INPUT FOR THIS TASK section start

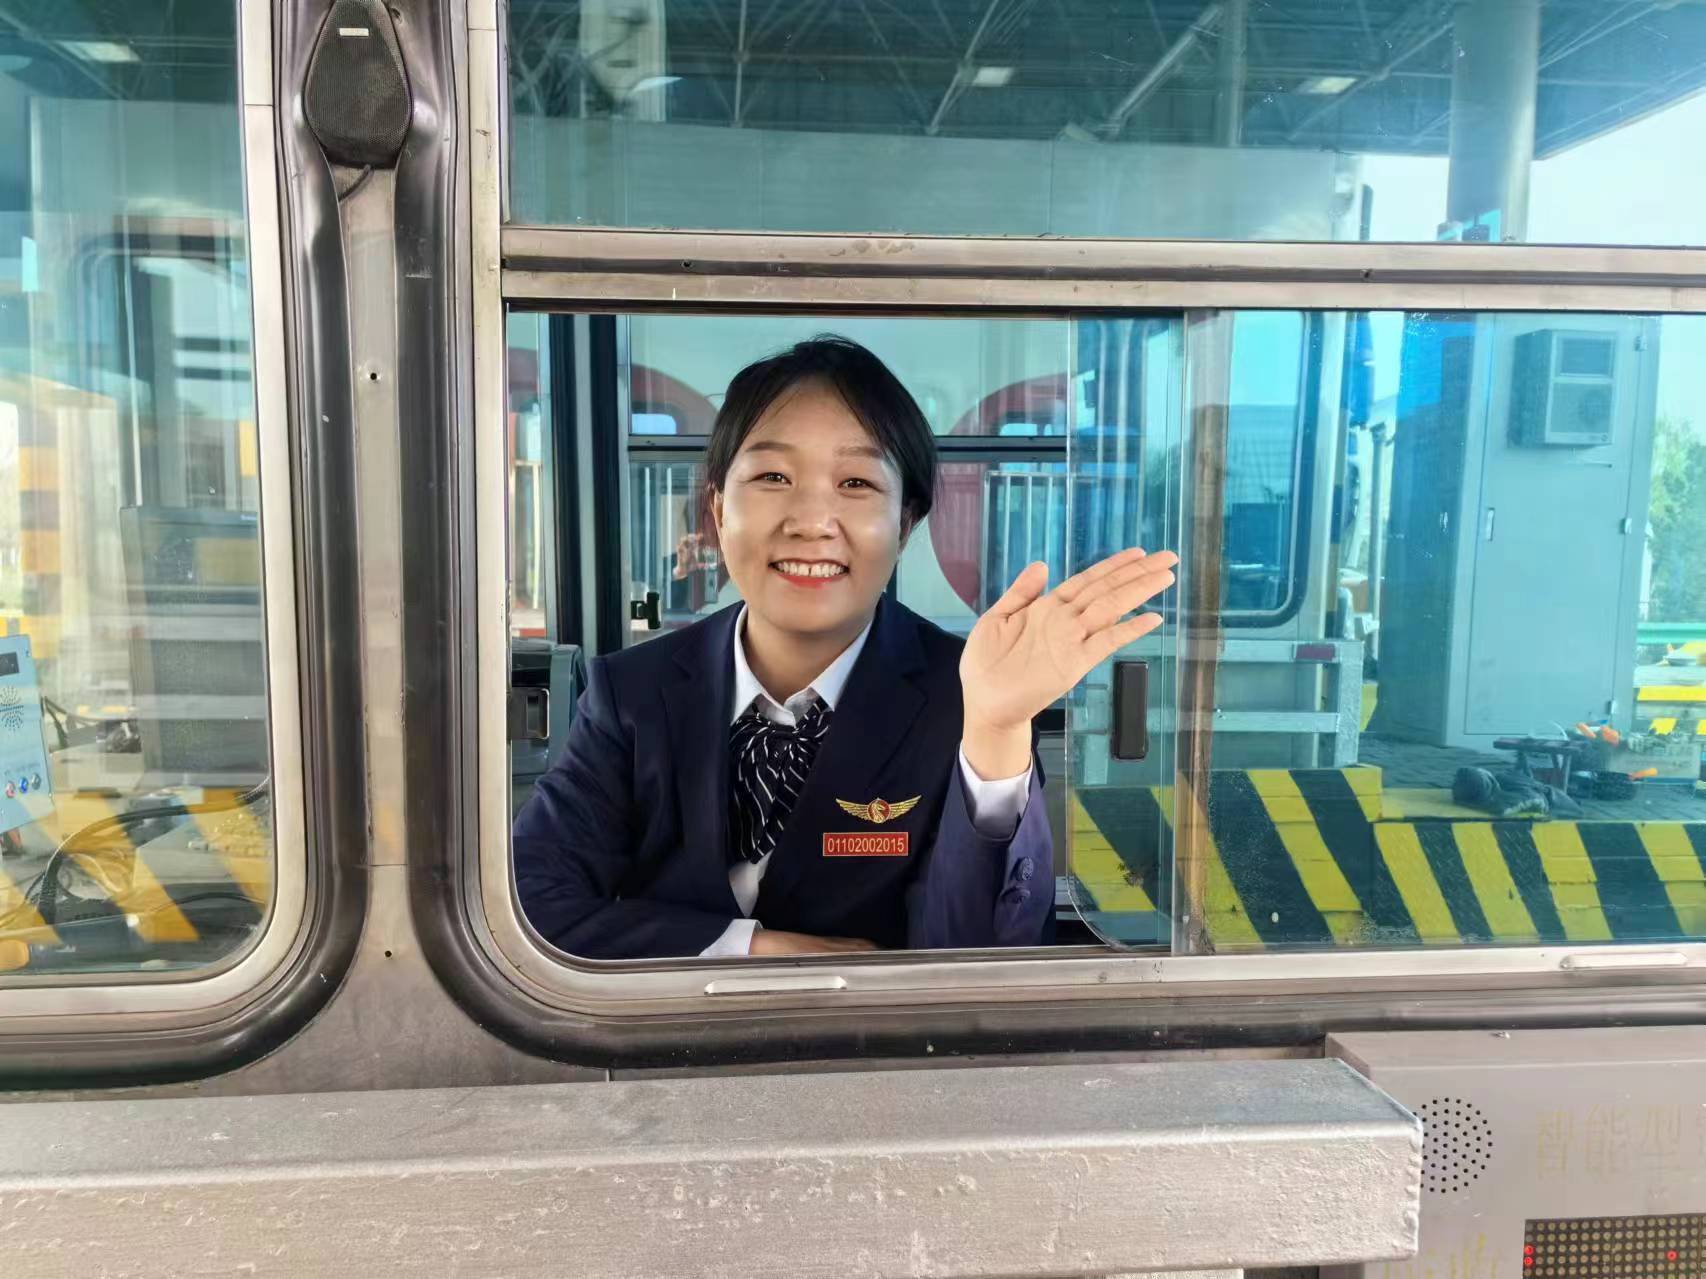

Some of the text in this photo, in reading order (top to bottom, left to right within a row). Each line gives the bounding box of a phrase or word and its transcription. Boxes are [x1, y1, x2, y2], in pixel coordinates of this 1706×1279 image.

[827, 837, 905, 853] 01102002015
[1537, 1104, 1706, 1178] 智能型
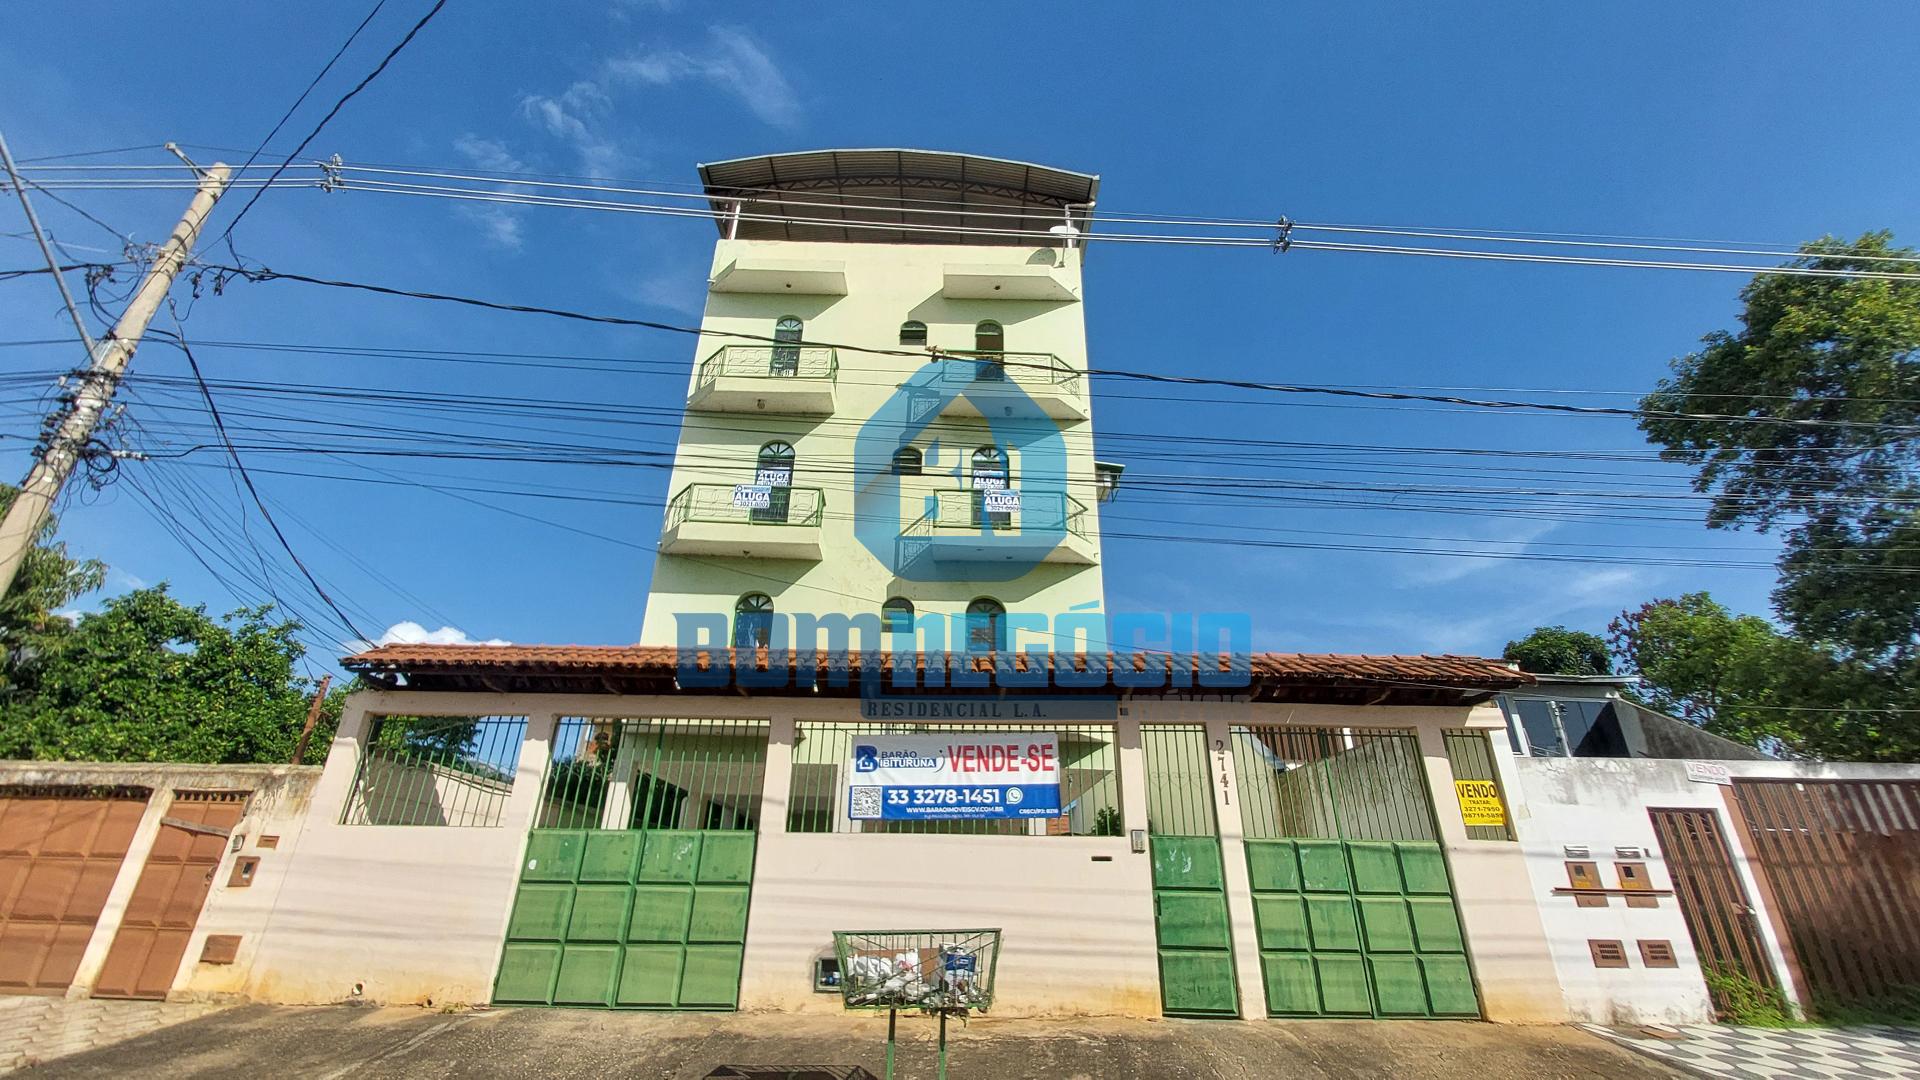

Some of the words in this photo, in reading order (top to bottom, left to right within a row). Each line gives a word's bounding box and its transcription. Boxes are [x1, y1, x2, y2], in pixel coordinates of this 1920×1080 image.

[757, 473, 789, 482] ALUGA
[973, 477, 1006, 485] ALUGA
[734, 492, 770, 501] ALUGA
[984, 496, 1019, 505] ALUGA
[866, 701, 1002, 718] RESIDENCIAL
[1013, 702, 1048, 718] L.A.
[880, 749, 918, 759] BARÃO
[947, 744, 1054, 773] VENDE-SE
[879, 759, 935, 768] IBITURUNA
[1215, 739, 1230, 806] 2741
[1687, 763, 1726, 776] VENDO
[887, 789, 909, 804] 33
[913, 788, 1000, 804] 3278-1451
[1456, 783, 1498, 798] VENDO
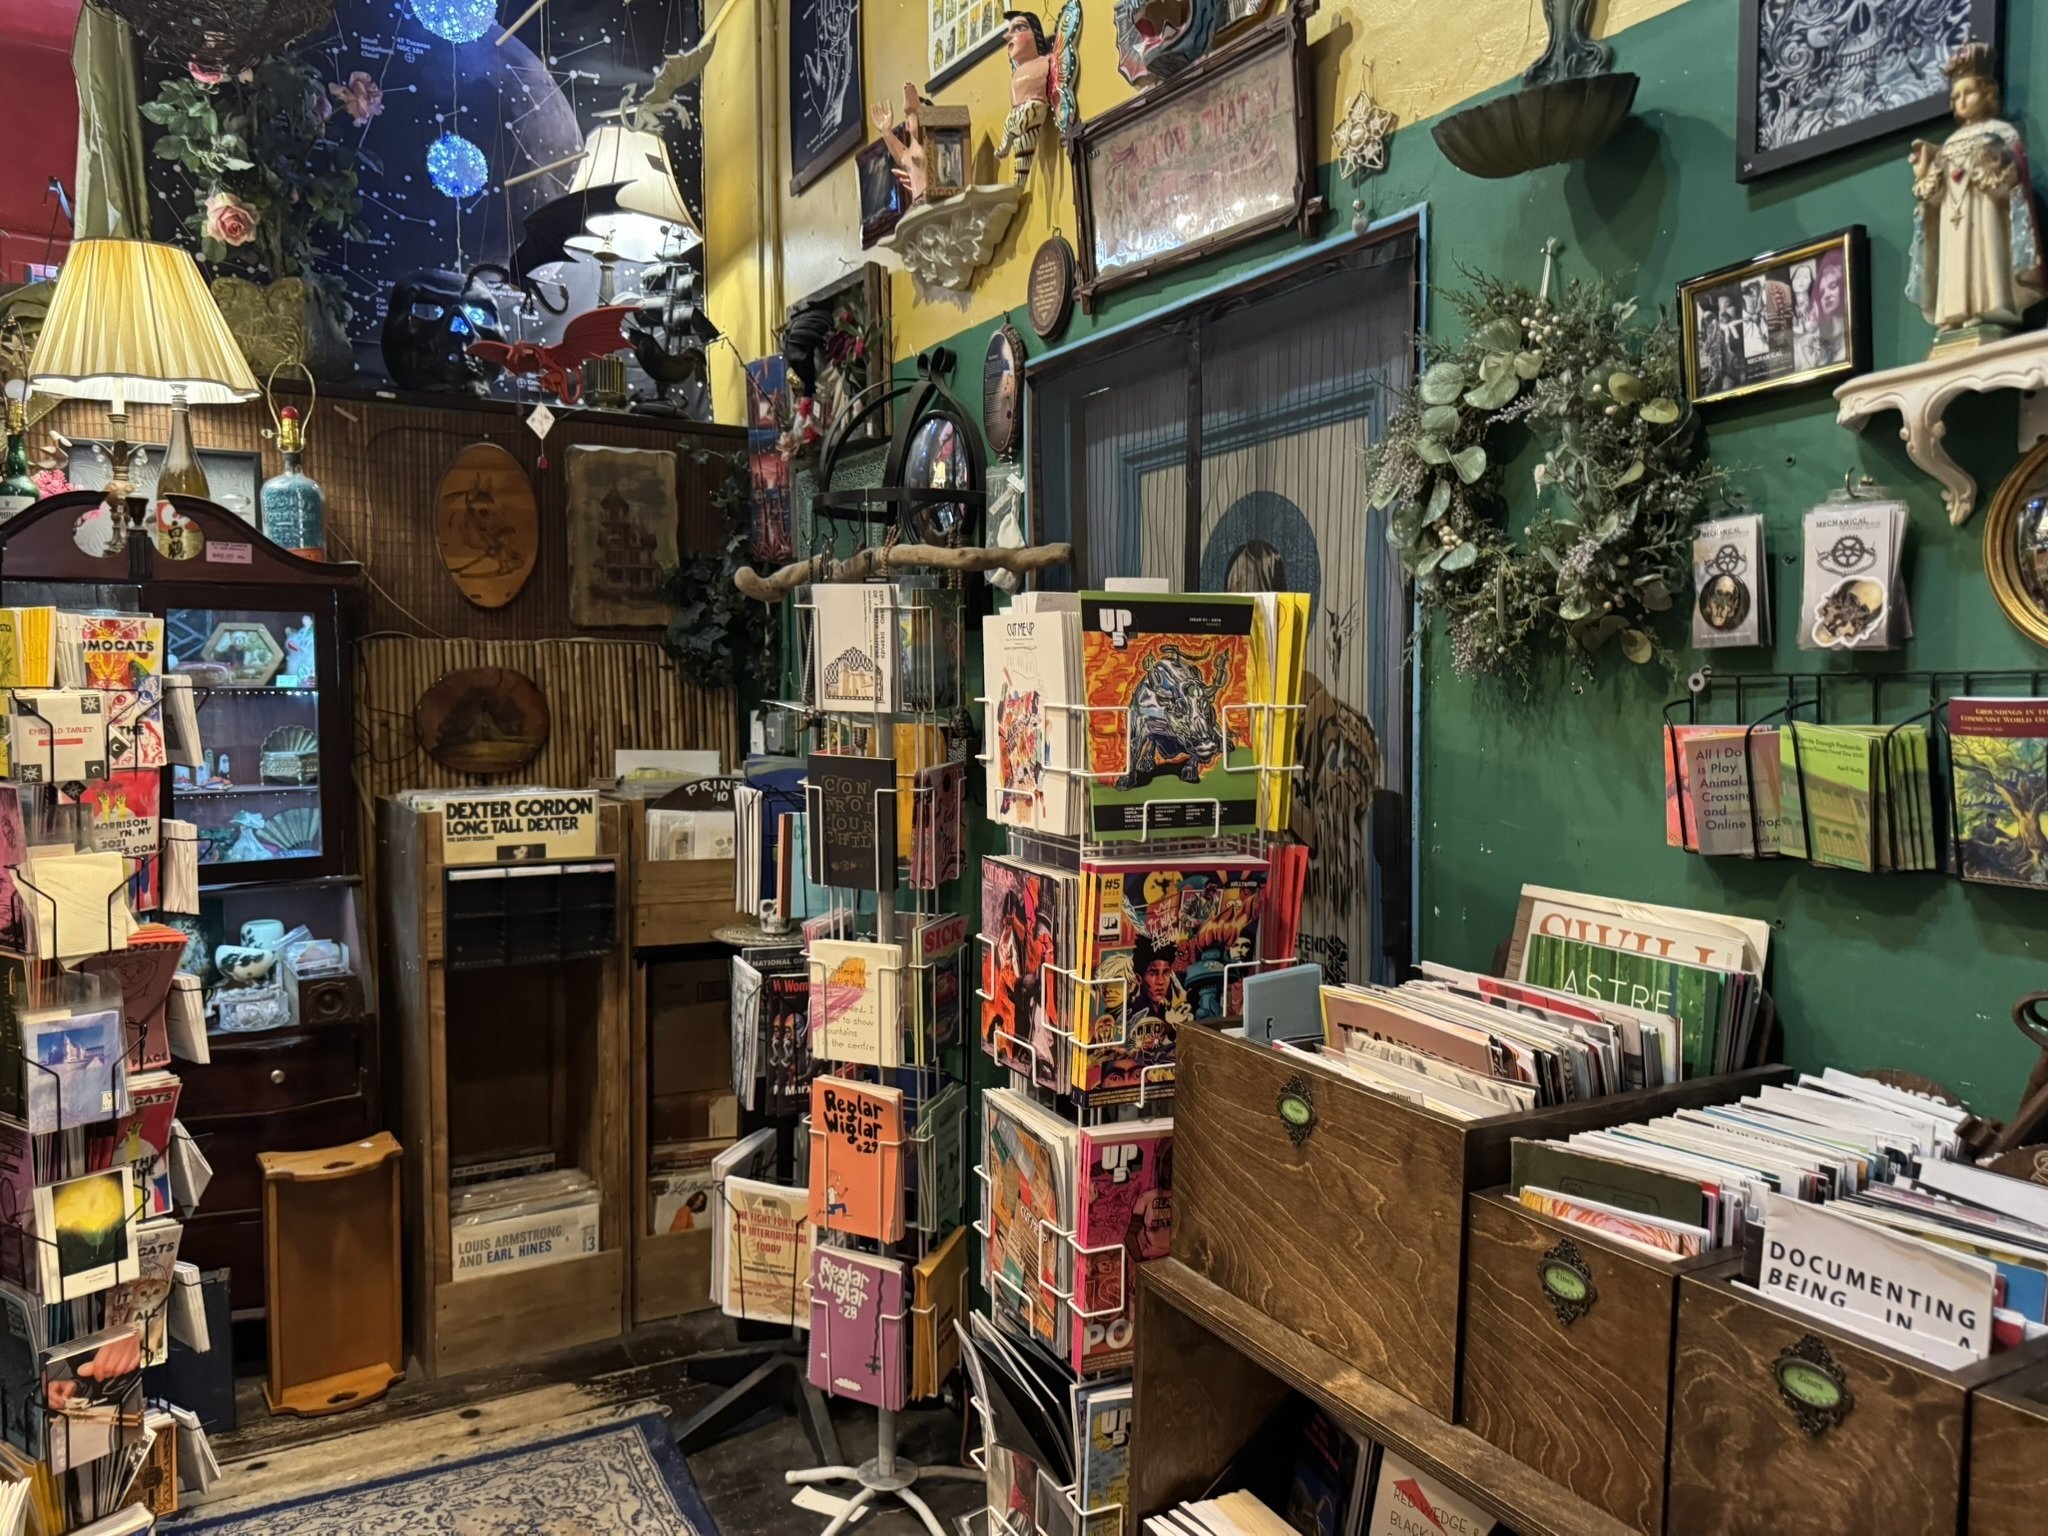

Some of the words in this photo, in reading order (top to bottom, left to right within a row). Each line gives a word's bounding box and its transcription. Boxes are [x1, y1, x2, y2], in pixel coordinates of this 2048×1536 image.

INPUT FOR THIS TASK section end

WORK REQUIRED | Because only the text is wanted, copy each record above precisely and omit its pictures.

SOLUTION FOR THIS EXERCISE |
Some of the text in this photo, in reading order (top to bottom, left to right within a row). Each line gives the bounding box of a phrase or word and its transcription. Boxes are [x1, y1, x2, y2], in pixel coordinates of this 1706×1279 image.

[827, 837, 905, 853] 01102002015
[1537, 1104, 1706, 1178] 智能型

Some of the words in this photo, in reading order (top to bottom, left to right within a row). Each line gives a word's bounding box and its transcription. Boxes are [x1, y1, x2, y2], in pixel coordinates of this 1920×1080 image.

[757, 473, 789, 482] ALUGA
[973, 477, 1006, 485] ALUGA
[734, 492, 770, 501] ALUGA
[984, 496, 1019, 505] ALUGA
[866, 701, 1002, 718] RESIDENCIAL
[1013, 702, 1048, 718] L.A.
[880, 749, 918, 759] BARÃO
[947, 744, 1054, 773] VENDE-SE
[879, 759, 935, 768] IBITURUNA
[1215, 739, 1230, 806] 2741
[1687, 763, 1726, 776] VENDO
[887, 789, 909, 804] 33
[913, 788, 1000, 804] 3278-1451
[1456, 783, 1498, 798] VENDO

Some of the words in this photo, in reading order (top to bottom, left to right within a row). Each line gives a word's bounding box and its transcription. Boxes are [x1, y1, x2, y2], in pixel coordinates of this 2048×1536 image.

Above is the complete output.